Montreal is hosting the 2026 F1 Canadian Grand Prix in May. Tens of thousands of race fans will flood the city. And according to a new economic study commissioned by Airbnb, the city already banned the one accommodation model that could actually handle the surge.
The number that keeps coming up: $19 million CAD in lost tourism revenue. In a single event weekend.
The Study Every City Council Should Read Before Voting
In March 2026, Raymond Chabot Grant Thornton (RCGT) — one of Canada’s largest professional services firms — published an economic analysis commissioned by Airbnb on Montreal’s seasonal STR ban. The headline finding is hard to argue with. Montreal’s ban creates a 26,000-night accommodation shortfall during the 2026 F1 Canadian Grand Prix (May 22–24), with a projected $19 million CAD in lost tourism economic activity.
That’s not hypothetical. Those are bookings that don’t happen, visitors who don’t come, and dollars that don’t circulate through restaurants, shops, neighborhoods, and local businesses — because the accommodation supply simply won’t exist.

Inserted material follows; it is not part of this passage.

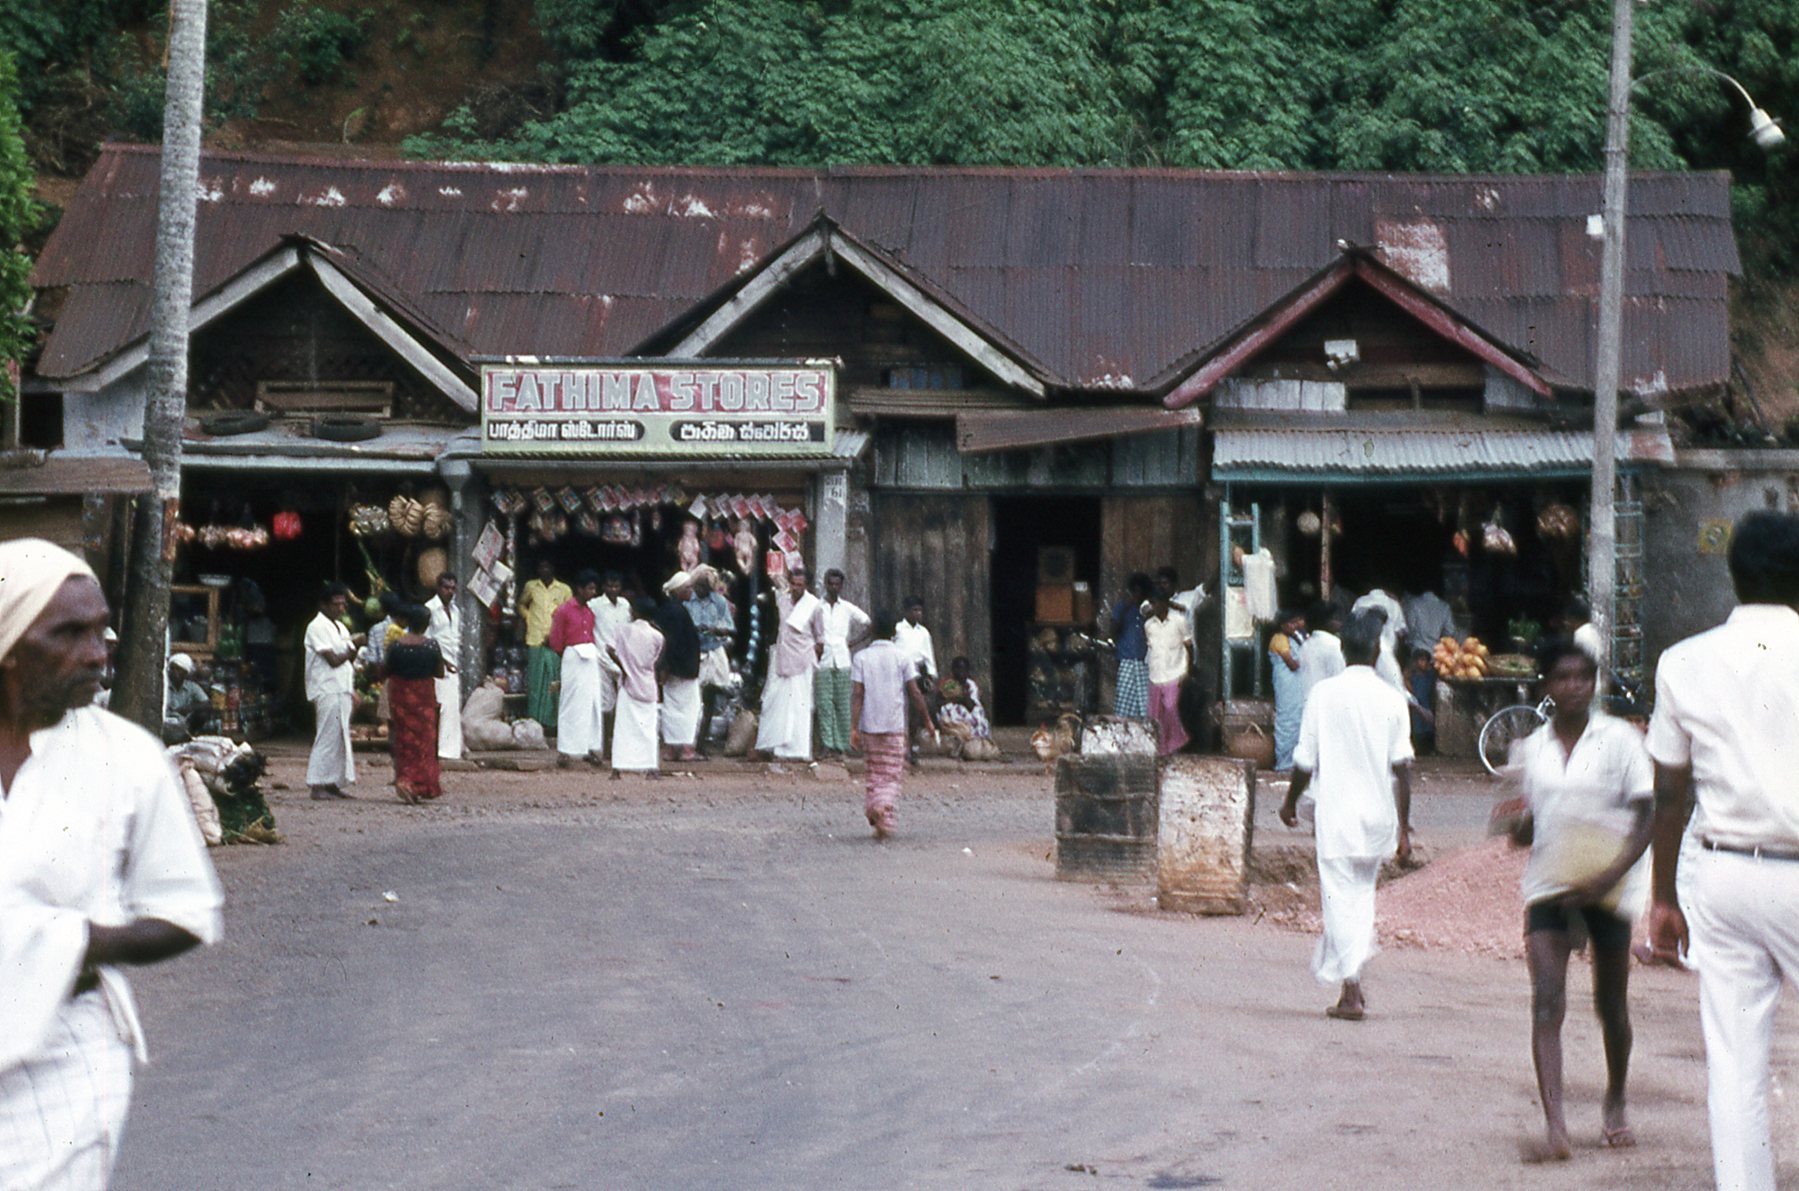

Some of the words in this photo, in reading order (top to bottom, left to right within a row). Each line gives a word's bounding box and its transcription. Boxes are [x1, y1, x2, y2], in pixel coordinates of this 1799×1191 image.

“Montréal’s seasonal short-term rental ban will result in a shortfall of 26,000 available nights during the 2026 Formula 1 Canadian Grand Prix, representing an estimated $19 million CAD in lost tourism economic activity.” — Raymond Chabot Grant Thornton (RCGT), “Montréal seasonal short-term rental ban risks millions in tourism revenue,” commissioned by Airbnb, March 2026
The full study was published through Airbnb’s newsroom and syndicated at Hospitality Net.
The F1 2026 Calendar Doesn’t Negotiate With Housing Policy
The Formula 1 2026 season runs 24 races across 20 countries — from Bahrain in March to Abu Dhabi in December. Montreal sits at Race 7 on the calendar: Circuit Gilles Villeneuve, May 22–24. The city is one of the sport’s most beloved venues, drawing fans from across North America and Europe who plan their trips specifically around this race.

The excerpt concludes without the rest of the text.